Edited by Roland T. Rust and Ming-Hui Huang
Chapter 5: Loyalty: its biogenic, psychological, and social origins - answering the question of "Why Y?"
At a recent conference, the author "speculated" that loyalty existed as a region located in an unidentified brain structure. Perhaps so; however, further reflection suggests that greater advances in functional magnetic resonance imaging (fMRI) will be required to identify where such structure may reside if it does at all. Scholars have addressed this issue previously but have not come to conclusion. For example, recent writings remain ambivalent as to the central domain of the basic emotion of pleasure (for example, Berridge and Kringelbach 2008). For instance, the authors note that electrical stimulation of hedonic "hotspots" does not discriminate between wanting and liking responses. It is not my intention to de-emphasize the great strides being made and to be made in the field of consumer decision-making based brain region mapping.
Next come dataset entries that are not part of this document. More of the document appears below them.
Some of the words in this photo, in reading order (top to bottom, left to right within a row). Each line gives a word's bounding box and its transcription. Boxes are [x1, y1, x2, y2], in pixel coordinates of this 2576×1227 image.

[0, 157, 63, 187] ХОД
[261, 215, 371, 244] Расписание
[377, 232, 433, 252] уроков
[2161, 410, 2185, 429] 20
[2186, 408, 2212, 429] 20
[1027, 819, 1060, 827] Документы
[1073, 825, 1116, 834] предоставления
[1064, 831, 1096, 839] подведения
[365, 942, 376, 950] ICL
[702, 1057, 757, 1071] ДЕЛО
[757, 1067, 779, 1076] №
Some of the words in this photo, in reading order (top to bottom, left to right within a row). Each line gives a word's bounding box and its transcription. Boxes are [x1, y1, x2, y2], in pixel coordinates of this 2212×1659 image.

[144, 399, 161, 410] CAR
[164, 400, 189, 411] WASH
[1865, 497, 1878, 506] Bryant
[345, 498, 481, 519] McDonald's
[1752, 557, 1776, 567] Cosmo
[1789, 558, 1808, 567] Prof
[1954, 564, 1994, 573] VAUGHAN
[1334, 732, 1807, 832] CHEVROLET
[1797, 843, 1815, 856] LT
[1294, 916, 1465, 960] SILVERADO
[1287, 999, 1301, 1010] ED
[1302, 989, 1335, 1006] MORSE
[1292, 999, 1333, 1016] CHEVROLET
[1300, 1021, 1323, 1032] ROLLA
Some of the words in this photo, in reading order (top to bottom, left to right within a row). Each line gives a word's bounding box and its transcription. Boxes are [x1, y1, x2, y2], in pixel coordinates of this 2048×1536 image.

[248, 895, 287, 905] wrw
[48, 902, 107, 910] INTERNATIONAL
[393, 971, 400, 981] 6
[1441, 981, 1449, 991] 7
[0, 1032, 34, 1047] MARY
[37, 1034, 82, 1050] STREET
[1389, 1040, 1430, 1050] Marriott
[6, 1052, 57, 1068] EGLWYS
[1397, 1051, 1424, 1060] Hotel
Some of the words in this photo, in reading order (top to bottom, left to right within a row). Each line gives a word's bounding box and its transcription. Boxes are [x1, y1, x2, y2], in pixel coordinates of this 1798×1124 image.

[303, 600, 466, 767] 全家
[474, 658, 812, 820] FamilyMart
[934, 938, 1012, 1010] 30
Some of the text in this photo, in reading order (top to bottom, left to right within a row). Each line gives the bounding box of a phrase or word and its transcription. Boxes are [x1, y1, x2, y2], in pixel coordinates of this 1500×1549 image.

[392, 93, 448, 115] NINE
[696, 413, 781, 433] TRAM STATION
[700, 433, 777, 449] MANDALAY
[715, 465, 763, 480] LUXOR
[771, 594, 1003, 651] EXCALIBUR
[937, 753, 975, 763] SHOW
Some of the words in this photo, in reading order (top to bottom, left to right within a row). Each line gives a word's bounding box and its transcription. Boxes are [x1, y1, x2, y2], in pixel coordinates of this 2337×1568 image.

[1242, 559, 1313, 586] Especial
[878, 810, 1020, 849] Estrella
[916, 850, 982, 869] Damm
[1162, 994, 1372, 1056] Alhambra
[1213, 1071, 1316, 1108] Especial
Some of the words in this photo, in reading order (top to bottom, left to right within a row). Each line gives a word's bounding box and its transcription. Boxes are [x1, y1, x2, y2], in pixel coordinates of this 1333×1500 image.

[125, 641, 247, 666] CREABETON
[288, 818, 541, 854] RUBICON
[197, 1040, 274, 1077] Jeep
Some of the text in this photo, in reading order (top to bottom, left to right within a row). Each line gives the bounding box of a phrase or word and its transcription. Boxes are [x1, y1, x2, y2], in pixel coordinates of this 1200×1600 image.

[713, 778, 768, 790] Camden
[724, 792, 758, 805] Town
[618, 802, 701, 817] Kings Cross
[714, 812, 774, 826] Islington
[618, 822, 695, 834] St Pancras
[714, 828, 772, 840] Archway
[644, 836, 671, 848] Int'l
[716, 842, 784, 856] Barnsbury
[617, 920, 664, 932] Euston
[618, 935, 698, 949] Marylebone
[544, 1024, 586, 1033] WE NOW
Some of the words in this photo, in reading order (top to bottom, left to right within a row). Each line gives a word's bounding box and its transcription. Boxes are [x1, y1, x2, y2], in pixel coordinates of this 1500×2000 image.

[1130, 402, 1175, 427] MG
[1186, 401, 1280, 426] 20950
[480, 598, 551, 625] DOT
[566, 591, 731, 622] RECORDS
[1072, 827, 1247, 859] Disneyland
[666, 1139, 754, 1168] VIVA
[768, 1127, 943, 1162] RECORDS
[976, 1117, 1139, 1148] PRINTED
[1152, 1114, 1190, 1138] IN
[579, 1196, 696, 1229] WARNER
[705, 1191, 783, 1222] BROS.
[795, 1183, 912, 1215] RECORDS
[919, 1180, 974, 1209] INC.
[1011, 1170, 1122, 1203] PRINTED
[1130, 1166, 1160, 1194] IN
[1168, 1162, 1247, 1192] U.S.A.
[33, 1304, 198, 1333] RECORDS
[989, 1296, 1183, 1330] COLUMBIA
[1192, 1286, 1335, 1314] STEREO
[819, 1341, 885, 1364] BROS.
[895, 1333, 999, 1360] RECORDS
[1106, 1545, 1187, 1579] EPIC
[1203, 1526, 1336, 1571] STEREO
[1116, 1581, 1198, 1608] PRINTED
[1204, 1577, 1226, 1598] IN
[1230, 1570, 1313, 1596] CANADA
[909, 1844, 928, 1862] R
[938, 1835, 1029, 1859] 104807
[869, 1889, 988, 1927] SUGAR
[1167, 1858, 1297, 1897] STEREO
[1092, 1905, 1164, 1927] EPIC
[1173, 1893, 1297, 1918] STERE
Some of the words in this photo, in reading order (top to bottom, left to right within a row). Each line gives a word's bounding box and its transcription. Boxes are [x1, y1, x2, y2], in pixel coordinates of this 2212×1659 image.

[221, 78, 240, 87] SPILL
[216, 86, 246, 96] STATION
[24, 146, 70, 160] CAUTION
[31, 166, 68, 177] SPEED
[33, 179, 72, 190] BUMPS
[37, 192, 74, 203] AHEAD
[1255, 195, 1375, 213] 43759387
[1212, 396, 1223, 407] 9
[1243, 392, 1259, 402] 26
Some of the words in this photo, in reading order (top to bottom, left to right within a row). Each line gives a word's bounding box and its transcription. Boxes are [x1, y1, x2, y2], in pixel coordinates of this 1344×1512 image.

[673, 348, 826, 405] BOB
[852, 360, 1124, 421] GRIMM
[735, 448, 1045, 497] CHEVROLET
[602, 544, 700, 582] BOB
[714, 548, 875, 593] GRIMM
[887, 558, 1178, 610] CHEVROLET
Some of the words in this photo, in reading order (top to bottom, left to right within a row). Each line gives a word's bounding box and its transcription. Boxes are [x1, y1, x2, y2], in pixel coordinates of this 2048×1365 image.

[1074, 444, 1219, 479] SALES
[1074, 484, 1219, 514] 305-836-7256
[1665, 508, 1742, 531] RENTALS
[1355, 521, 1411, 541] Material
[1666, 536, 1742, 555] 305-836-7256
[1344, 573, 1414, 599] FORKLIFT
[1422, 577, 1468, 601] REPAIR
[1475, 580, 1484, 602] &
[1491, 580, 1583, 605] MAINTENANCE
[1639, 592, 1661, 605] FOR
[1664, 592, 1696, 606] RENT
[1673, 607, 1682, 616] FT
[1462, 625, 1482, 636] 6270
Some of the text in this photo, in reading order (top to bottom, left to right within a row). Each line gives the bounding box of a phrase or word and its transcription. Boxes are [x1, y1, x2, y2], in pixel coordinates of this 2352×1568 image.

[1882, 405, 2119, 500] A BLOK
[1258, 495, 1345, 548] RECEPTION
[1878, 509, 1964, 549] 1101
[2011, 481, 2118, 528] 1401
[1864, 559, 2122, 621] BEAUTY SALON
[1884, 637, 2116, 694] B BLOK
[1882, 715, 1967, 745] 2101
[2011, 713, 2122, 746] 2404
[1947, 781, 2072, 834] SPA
Indeed, a 2012 issue of the Journal of Consumer Psychology was devoted specifically to this purpose. A number of gratifying discoveries were made including some addressing loyalty (Esch et al. 2012; Plassman et al. 2012). Indeed, Plassman et al. (2007) find neural reward differences between the monetary spending frequency of high versus low groups. Similar findings are observed when familiarity is the criterion of interest (Ambler et al. 2004; Deppe et al. 2005; McClure et al. 2004; Schaefer et al. 2006). Unfortunately, for the purposes here, Yoon et al. (2006) found that differing prefrontal brain regions were activated for judgments of person processing versus that of object (for example, brand) processing.